Golden Gates


Book Description

A Time 100 Must-Read Book of 2020 • A New York Times Book Review Editors' Choice • California Book Award Silver Medal in Nonfiction • Finalist for The New York Public Library Helen Bernstein Book Award for Excellence in Journalism • Named a top 30 must-read Book of 2020 by the New York Post • Named one of the 10 Best Business Books of 2020 by Fortune • Named A Must-Read Book of 2020 by Apartment Therapy • Runner-Up General Nonfiction: San Francisco Book Festival • A Planetizen Top Urban Planning Book of 2020 • Shortlisted for the Goddard Riverside Stephan Russo Book Prize for Social Justice “Tells the story of housing in all its complexity.” —NPR Spacious and affordable homes used to be the hallmark of American prosperity. Today, however, punishing rents and the increasingly prohibitive cost of ownership have turned housing into the foremost symbol of inequality and an economy gone wrong.
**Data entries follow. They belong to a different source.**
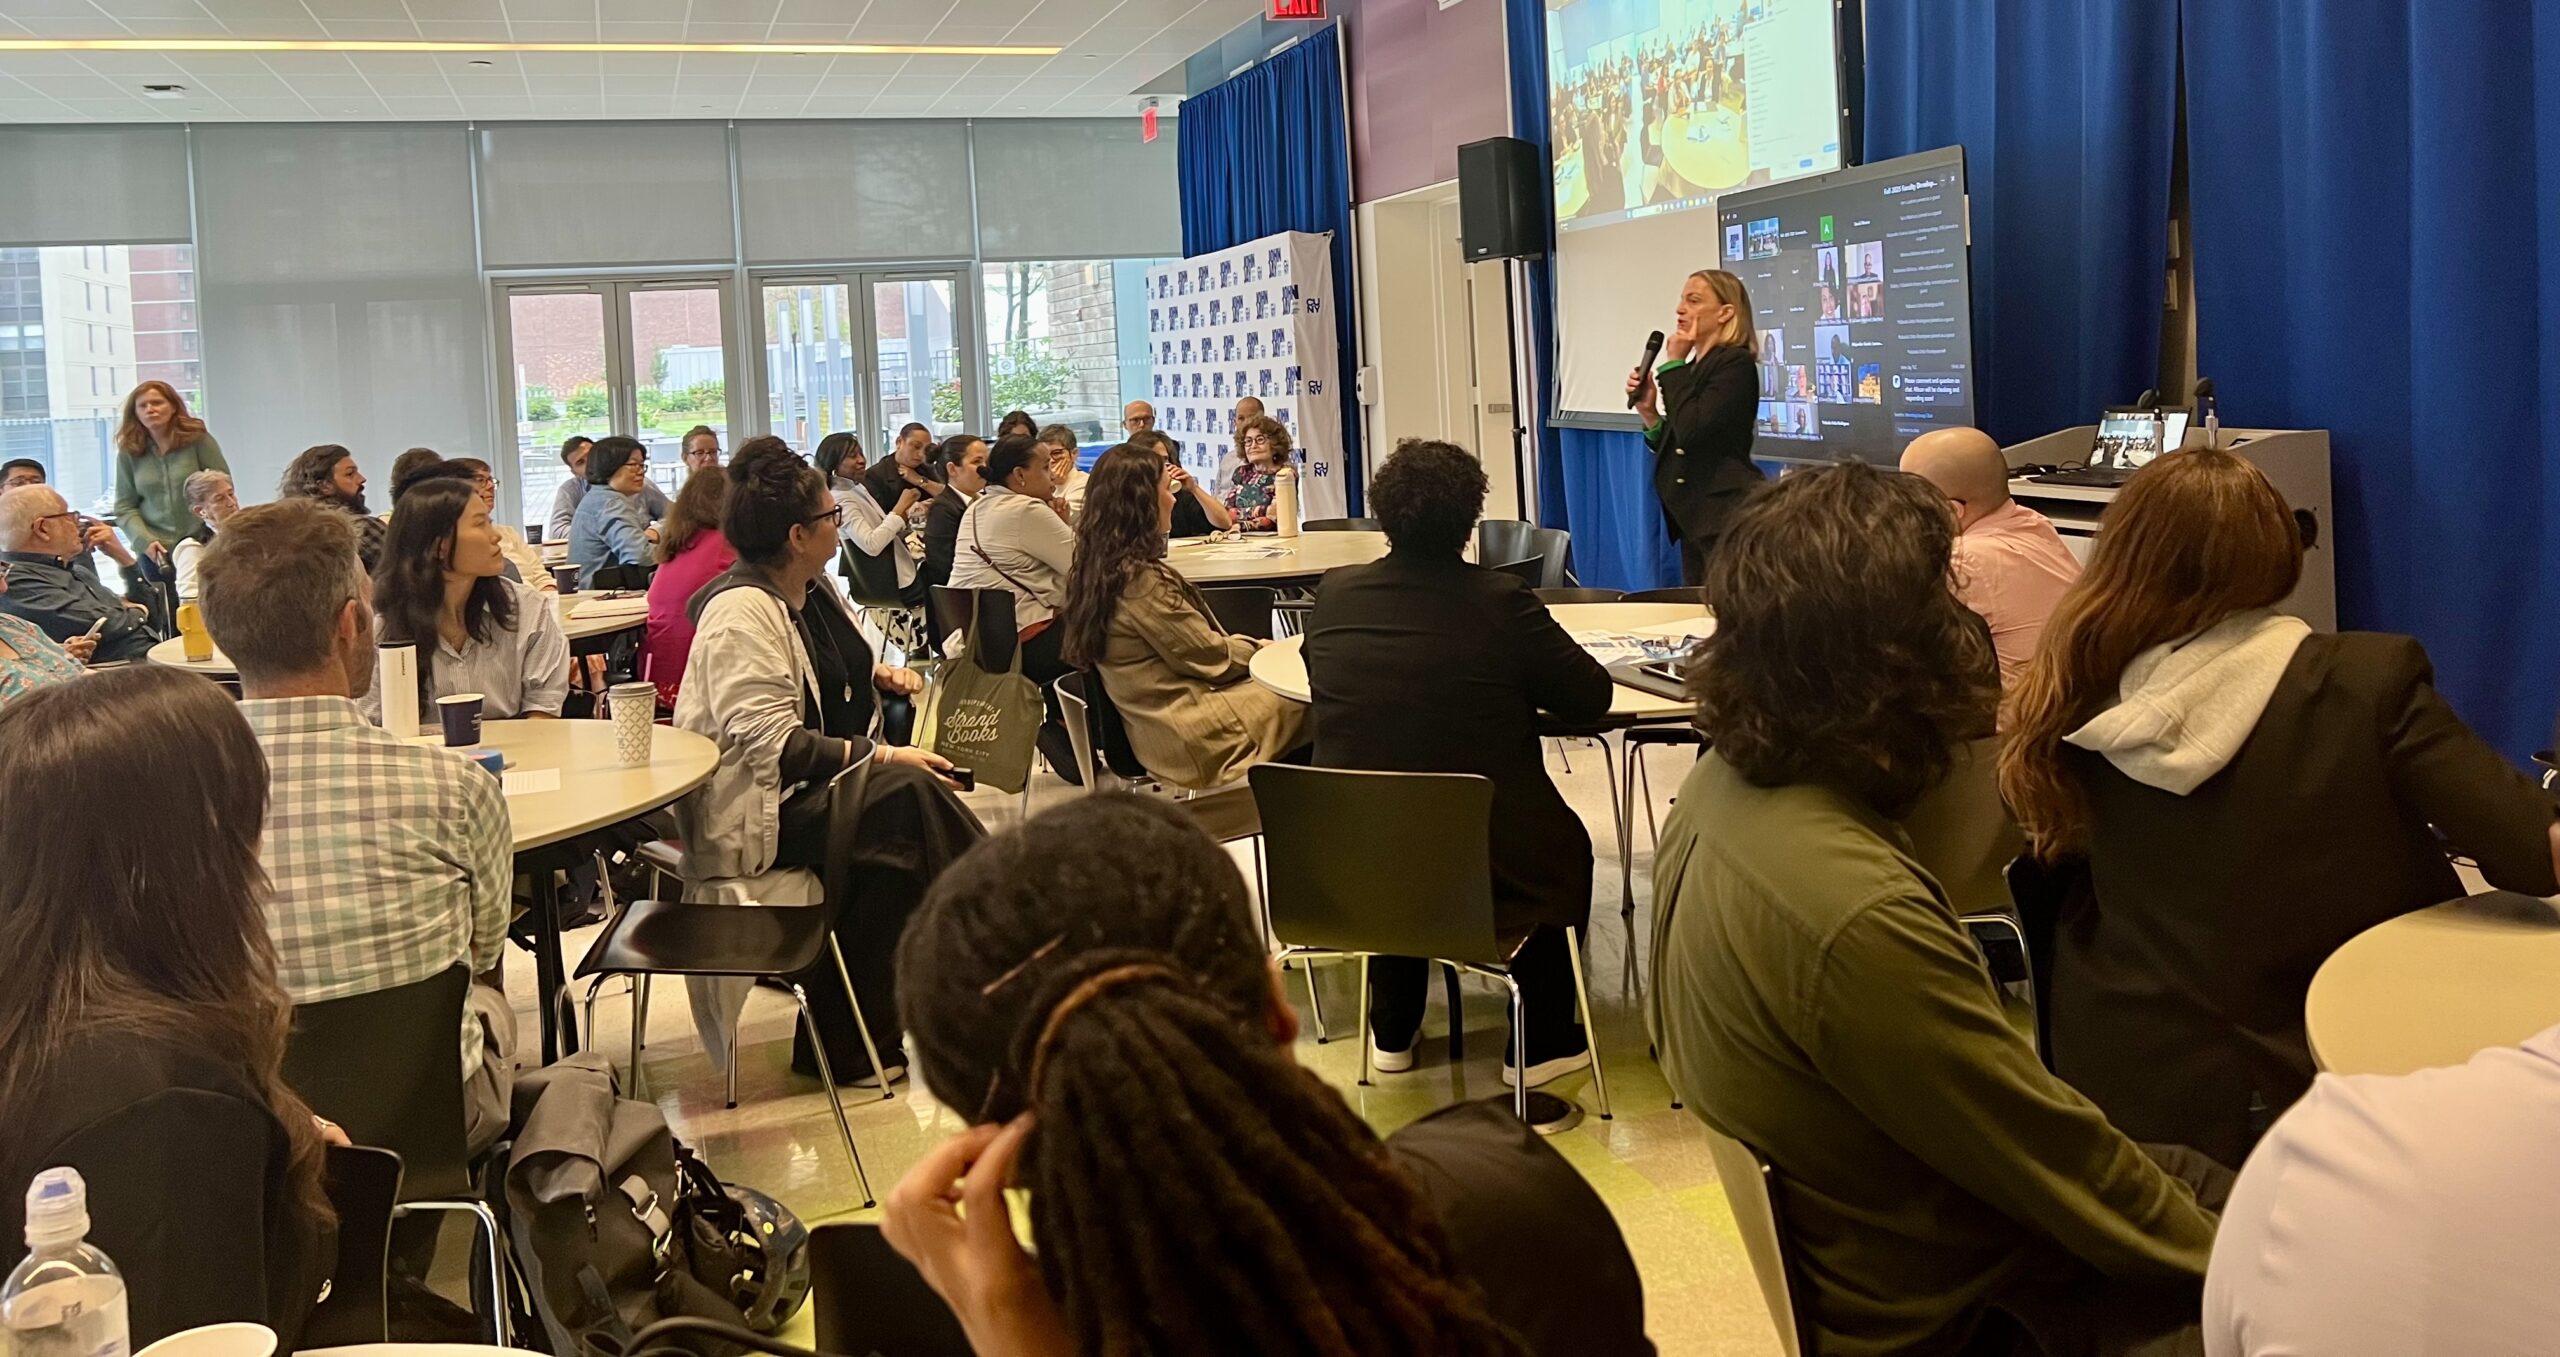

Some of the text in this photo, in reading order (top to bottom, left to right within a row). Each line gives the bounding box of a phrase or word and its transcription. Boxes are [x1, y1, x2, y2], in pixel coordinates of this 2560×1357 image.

[1313, 461, 1329, 470] CU
[1314, 468, 1329, 477] NY
[944, 708, 1002, 728] Strand
[947, 725, 999, 744] Books
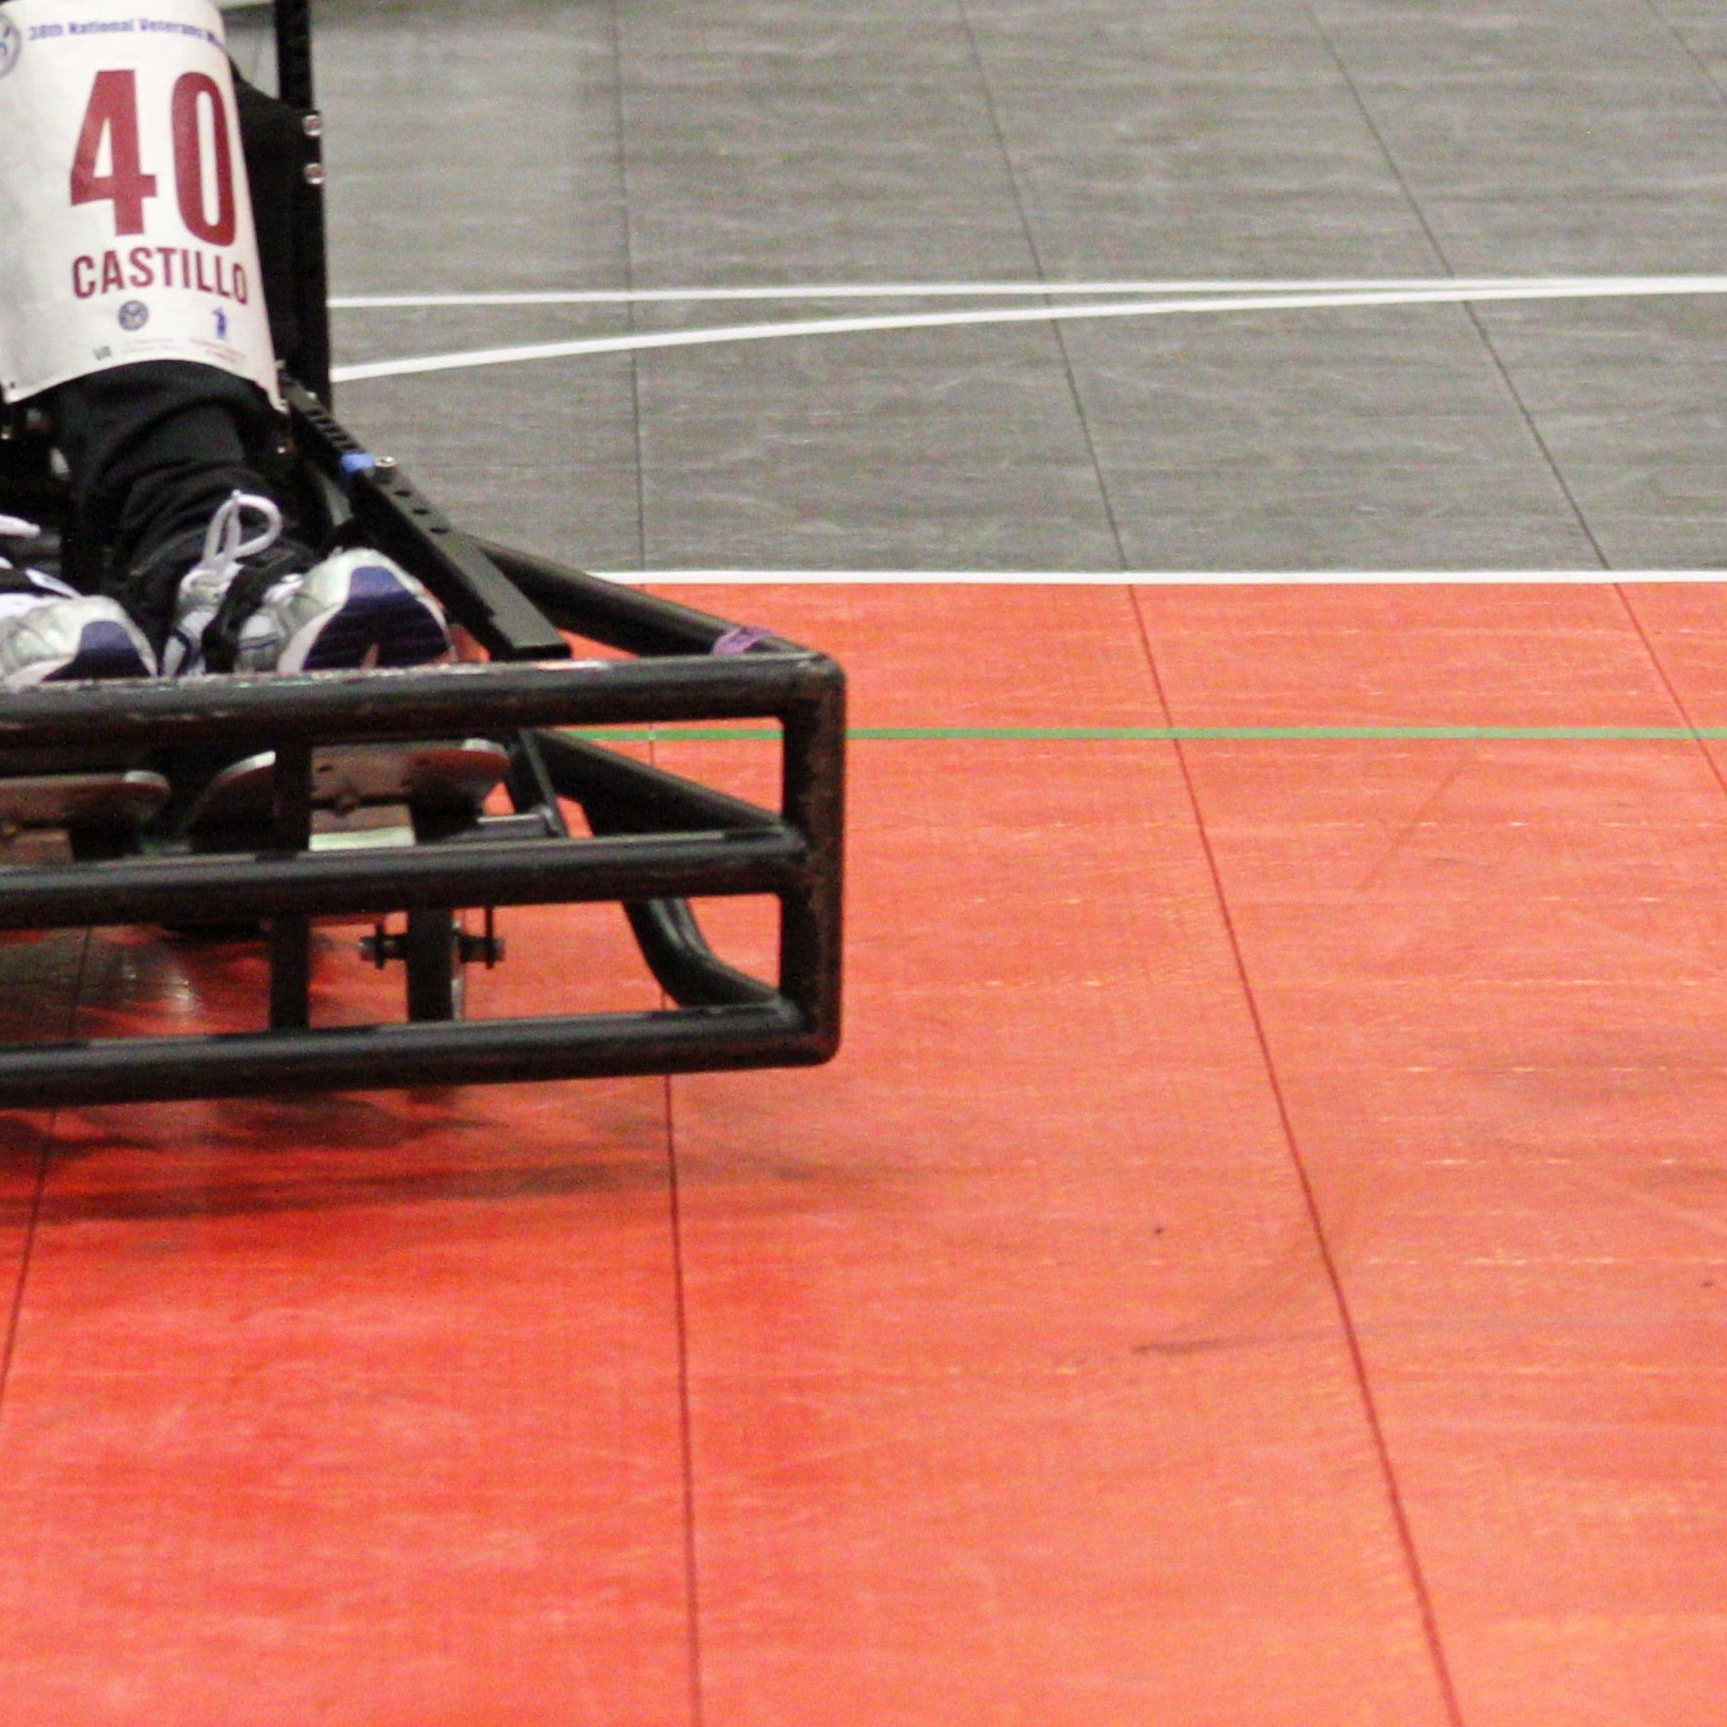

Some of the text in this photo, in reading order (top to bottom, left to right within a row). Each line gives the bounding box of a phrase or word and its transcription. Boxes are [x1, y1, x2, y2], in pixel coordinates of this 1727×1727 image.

[69, 19, 135, 34] National
[140, 18, 205, 40] Veterans
[69, 69, 236, 247] 40
[72, 246, 248, 305] CASTILLO
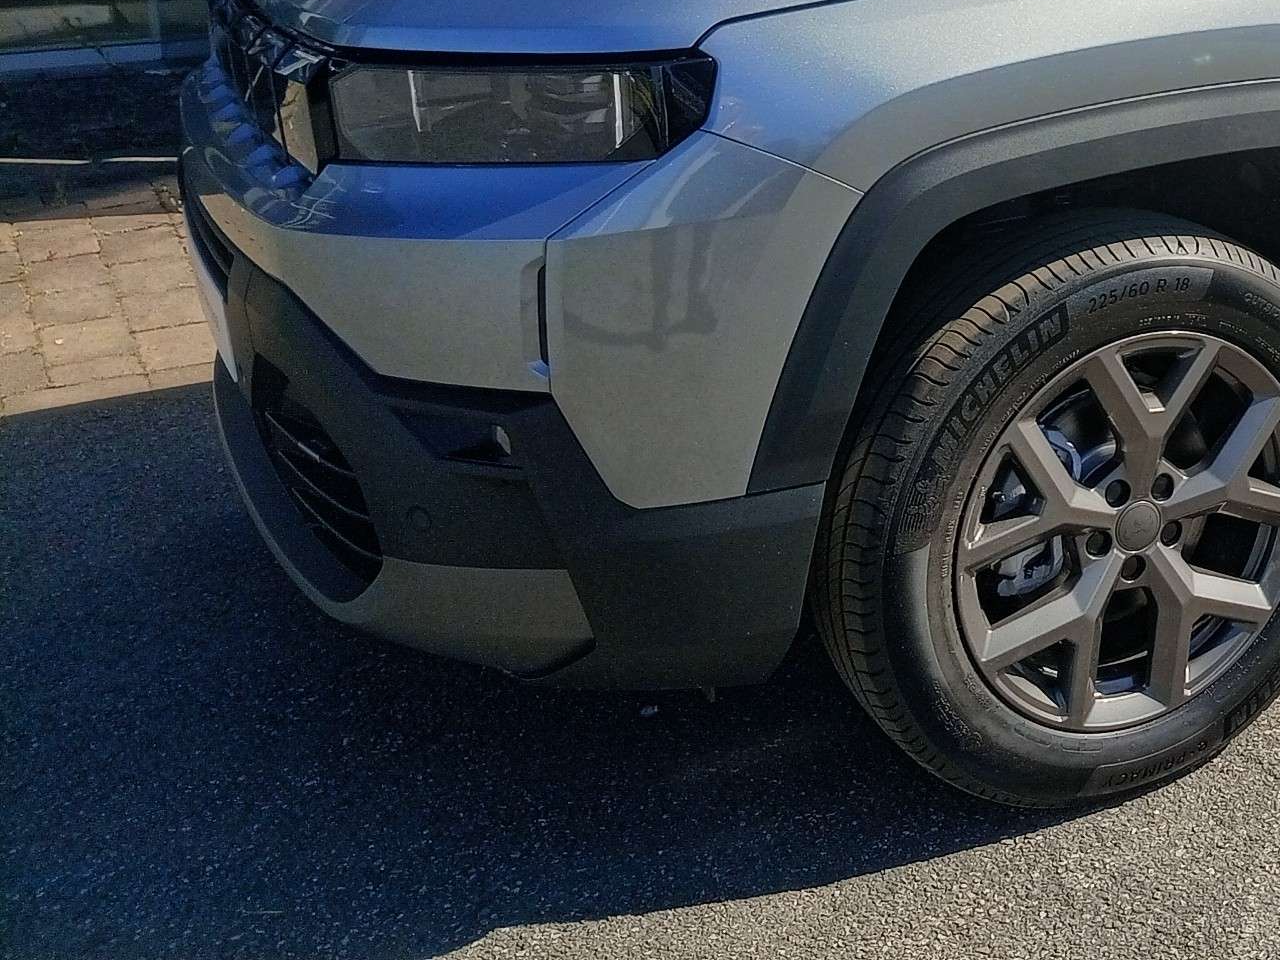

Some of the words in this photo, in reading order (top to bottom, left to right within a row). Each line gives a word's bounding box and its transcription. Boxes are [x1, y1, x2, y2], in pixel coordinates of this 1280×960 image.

[1087, 280, 1150, 313] 225/60
[1156, 278, 1169, 293] R
[1174, 277, 1191, 291] 18
[927, 302, 1068, 473] MICHELIN
Nowhere is this more visible than in the San Francisco Bay Area, where fleets of private buses ferry software engineers past the tarp-and-plywood shanties of the homeless. The adage that California is a glimpse of the nation’s future has become a cautionary tale. With propulsive storytelling and ground-level reporting, New York Times journalist Conor Dougherty chronicles America’s housing crisis from its West Coast epicenter, peeling back the decades of history and economic forces that brought us here and taking readers inside the activist movements that have risen in tandem with housing costs.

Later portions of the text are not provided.